▶ **EXERCISE BRIEF**
For every entry, reproduce the wording exactly and omit any image it holds.

THE DATA START

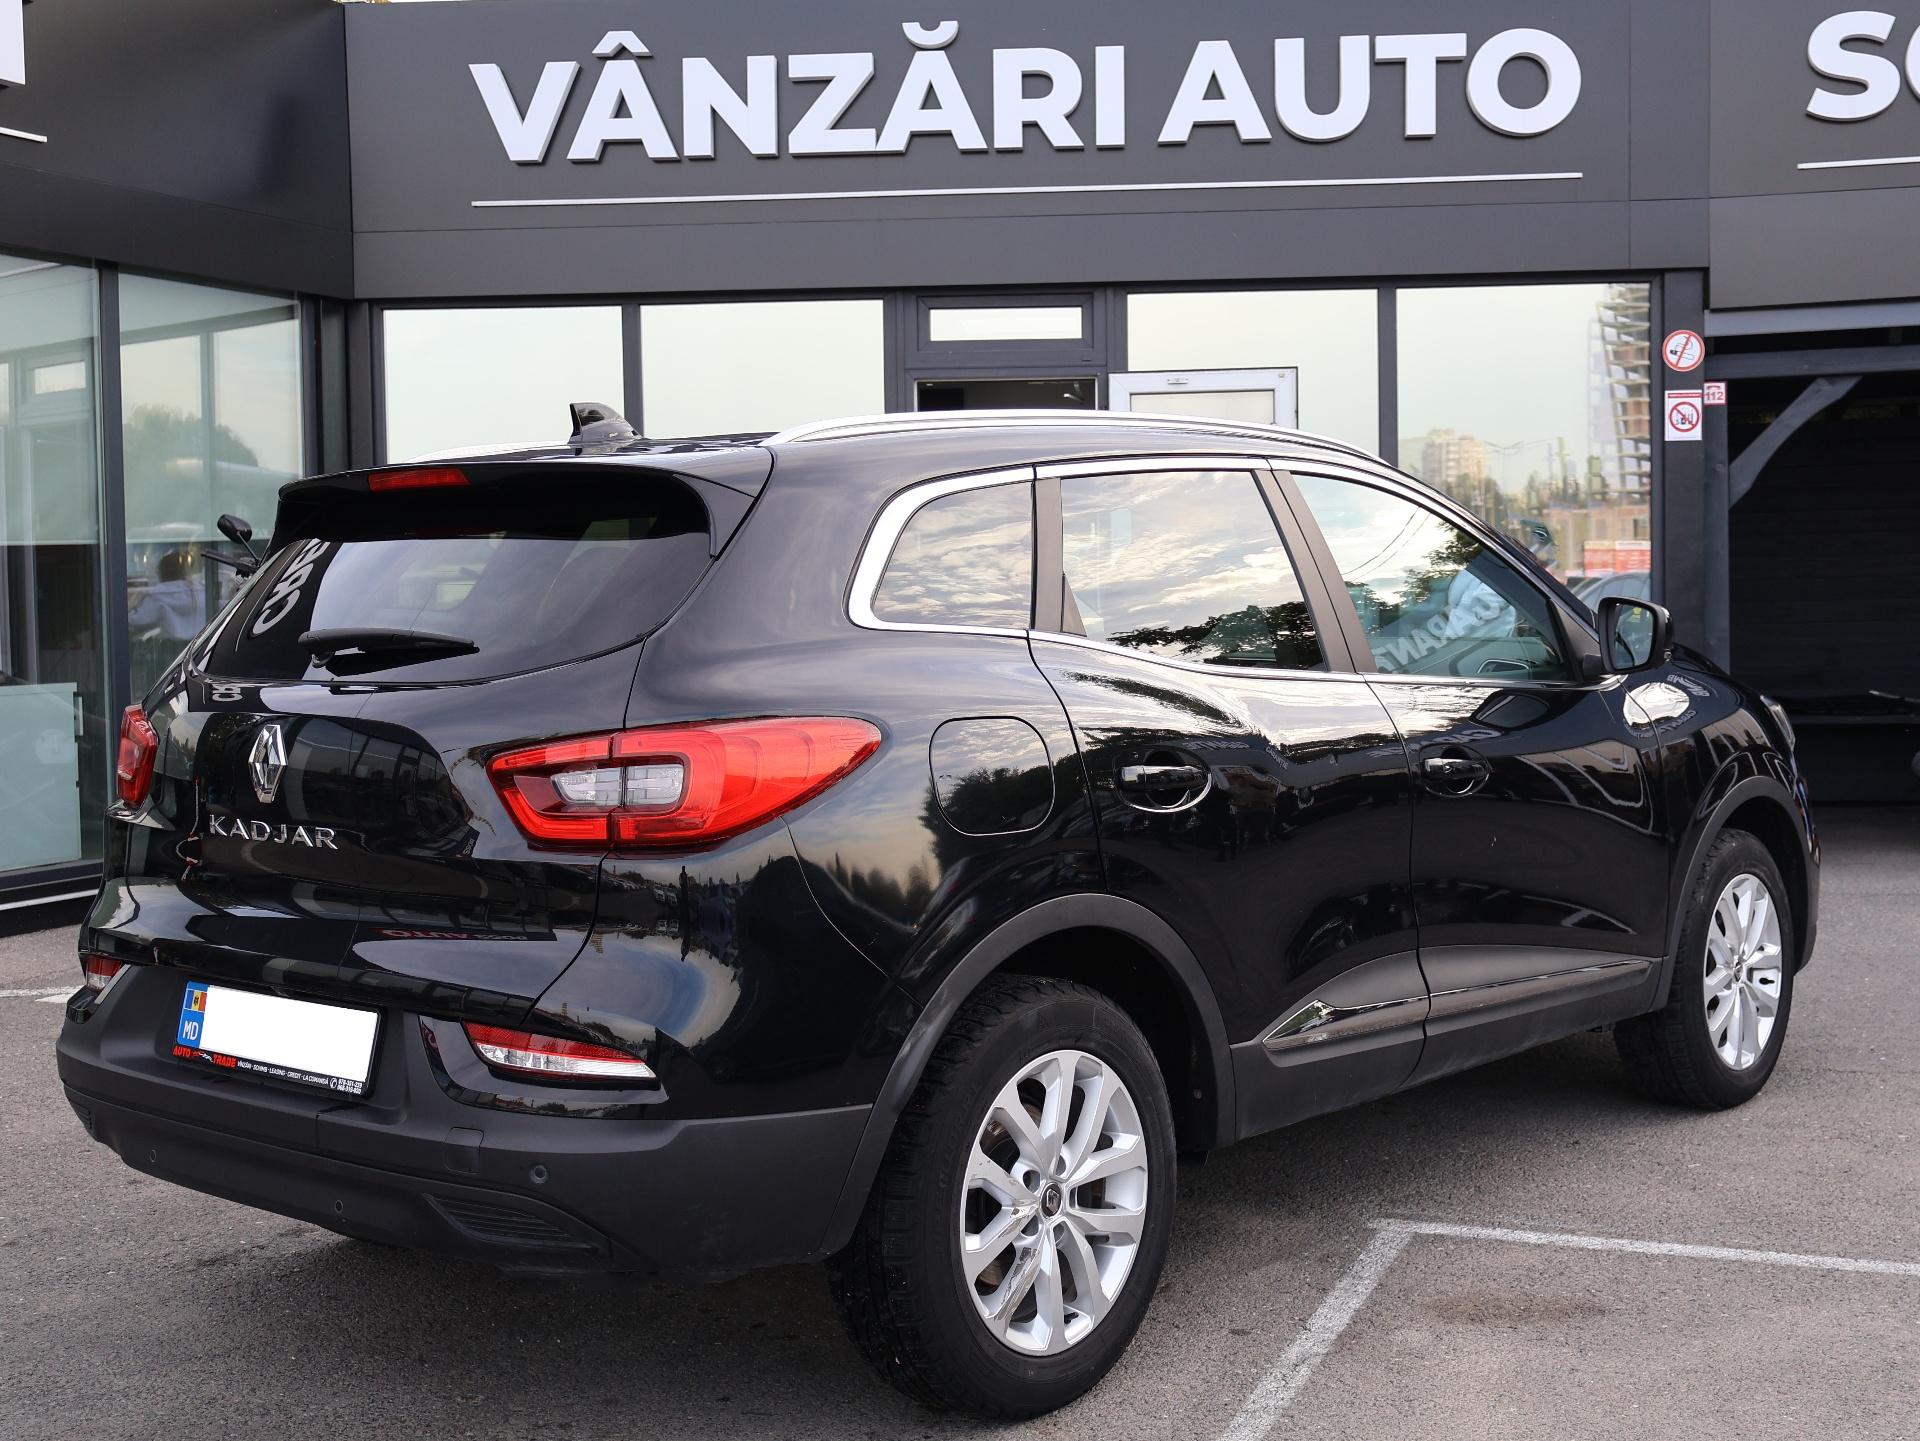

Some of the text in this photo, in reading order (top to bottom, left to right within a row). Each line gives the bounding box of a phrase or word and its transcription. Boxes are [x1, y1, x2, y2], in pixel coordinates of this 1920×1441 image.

[1806, 10, 1920, 120] S
[468, 20, 1583, 164] VÂNZĂRI AUTO
[1705, 391, 1724, 401] 112
[209, 814, 339, 850] KADJAR
[182, 1020, 199, 1041] MD
[172, 1045, 192, 1058] AUTO
[211, 1053, 238, 1069] TRADE
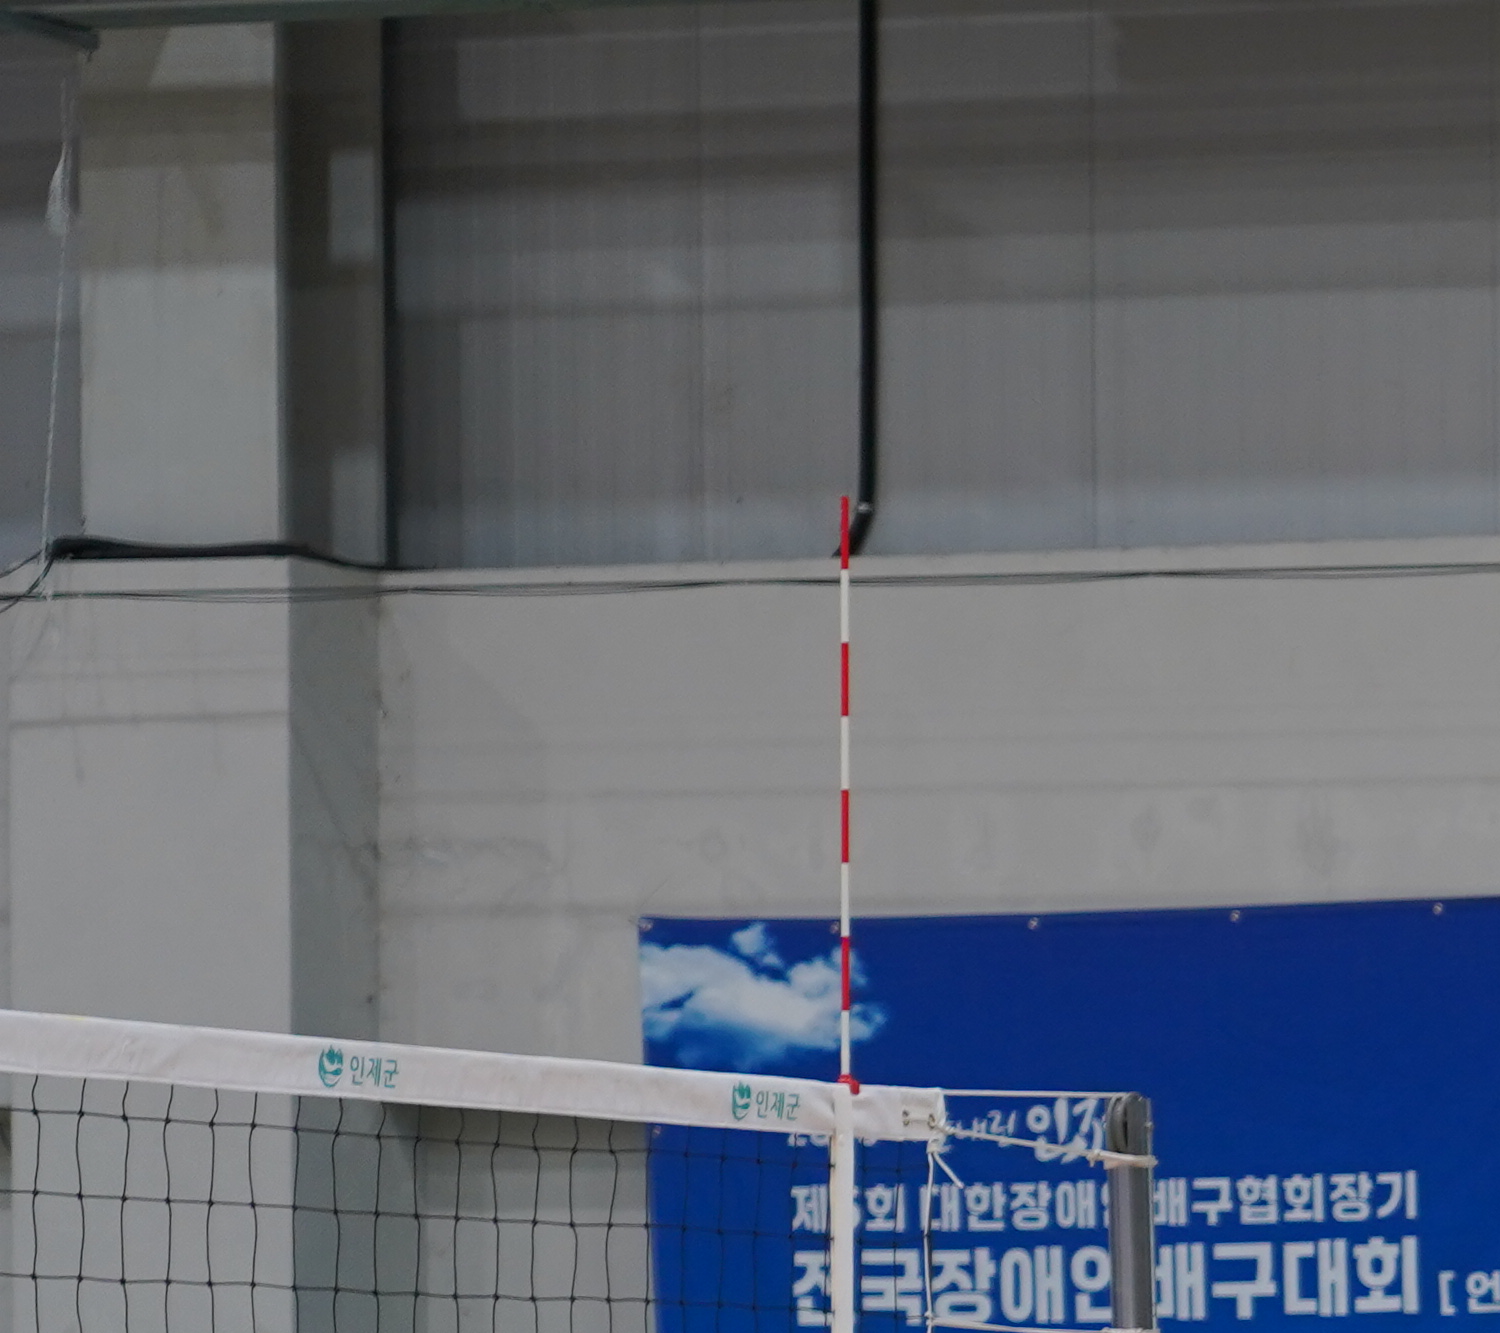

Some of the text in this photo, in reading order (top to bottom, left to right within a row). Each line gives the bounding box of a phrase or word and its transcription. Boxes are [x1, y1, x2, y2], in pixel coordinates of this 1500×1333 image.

[350, 1055, 400, 1089] 인제군
[756, 1091, 801, 1122] 인제군
[791, 1170, 1418, 1234] 제회 대한장애배구협회장기
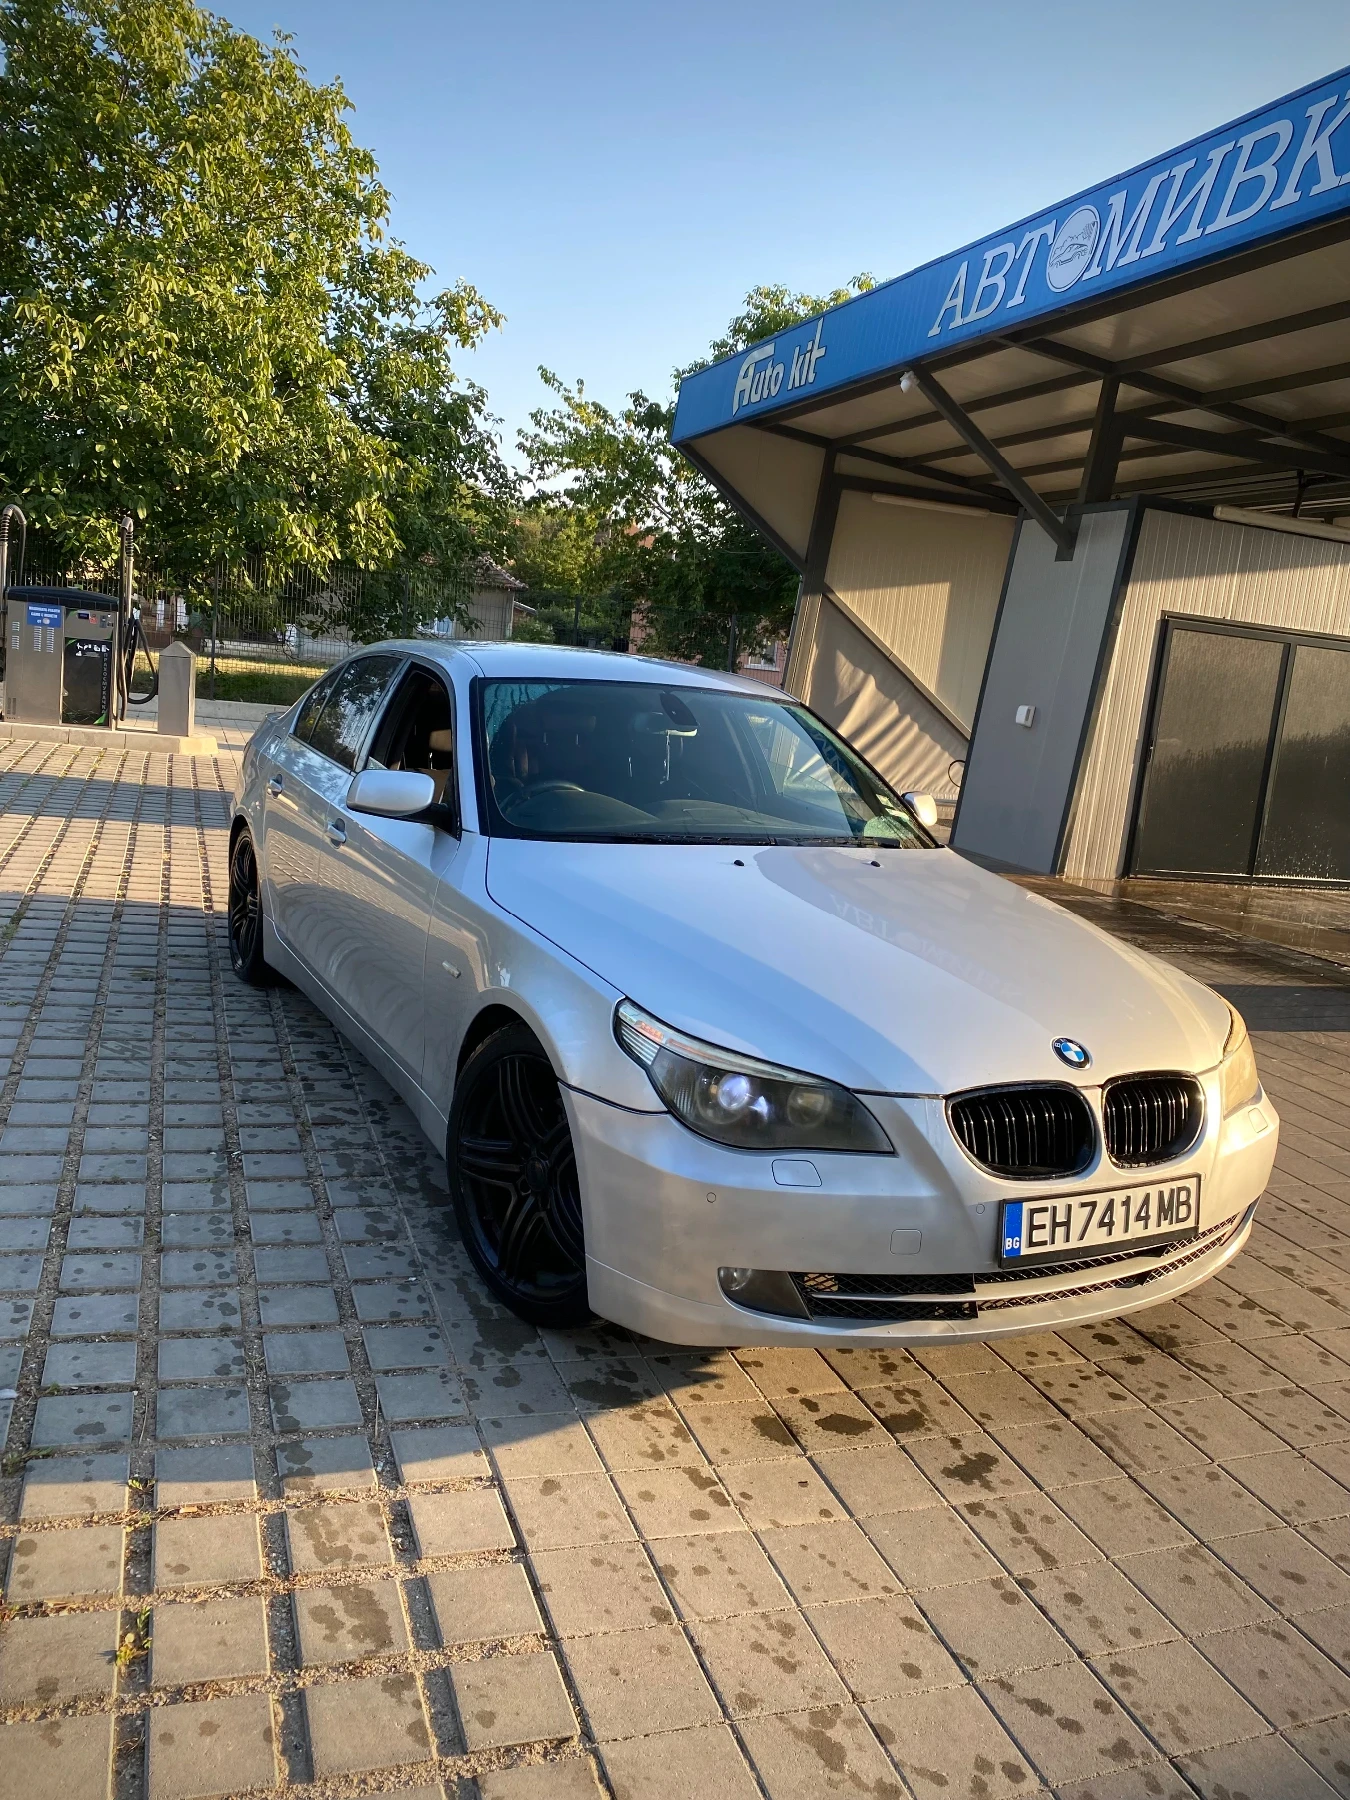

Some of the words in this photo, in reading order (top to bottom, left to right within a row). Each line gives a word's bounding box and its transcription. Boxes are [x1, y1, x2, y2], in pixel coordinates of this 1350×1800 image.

[928, 88, 1350, 338] АВТОМИВК
[733, 343, 785, 416] Auto
[787, 317, 826, 391] kit
[1005, 1236, 1020, 1251] BG

THE DATA END

▶ **EXERCISE OUTPUT**
Some of the text in this photo, in reading order (top to bottom, left to right within a row). Each line gives the bounding box of a phrase or word and its transcription. Boxes are [x1, y1, x2, y2], in pixel coordinates of this 1920×1441 image.

[1806, 10, 1920, 120] S
[468, 20, 1583, 164] VÂNZĂRI AUTO
[1705, 391, 1724, 401] 112
[209, 814, 339, 850] KADJAR
[182, 1020, 199, 1041] MD
[172, 1045, 192, 1058] AUTO
[211, 1053, 238, 1069] TRADE

Some of the text in this photo, in reading order (top to bottom, left to right within a row). Each line gives the bounding box of a phrase or word and its transcription. Boxes are [x1, y1, x2, y2], in pixel coordinates of this 1500×1333 image.

[350, 1055, 400, 1089] 인제군
[756, 1091, 801, 1122] 인제군
[791, 1170, 1418, 1234] 제회 대한장애배구협회장기

Some of the words in this photo, in reading order (top to bottom, left to right within a row). Each line gives a word's bounding box and its transcription. Boxes are [x1, y1, x2, y2], in pixel coordinates of this 1350×1800 image.

[928, 88, 1350, 338] АВТОМИВК
[733, 343, 785, 416] Auto
[787, 317, 826, 391] kit
[1005, 1236, 1020, 1251] BG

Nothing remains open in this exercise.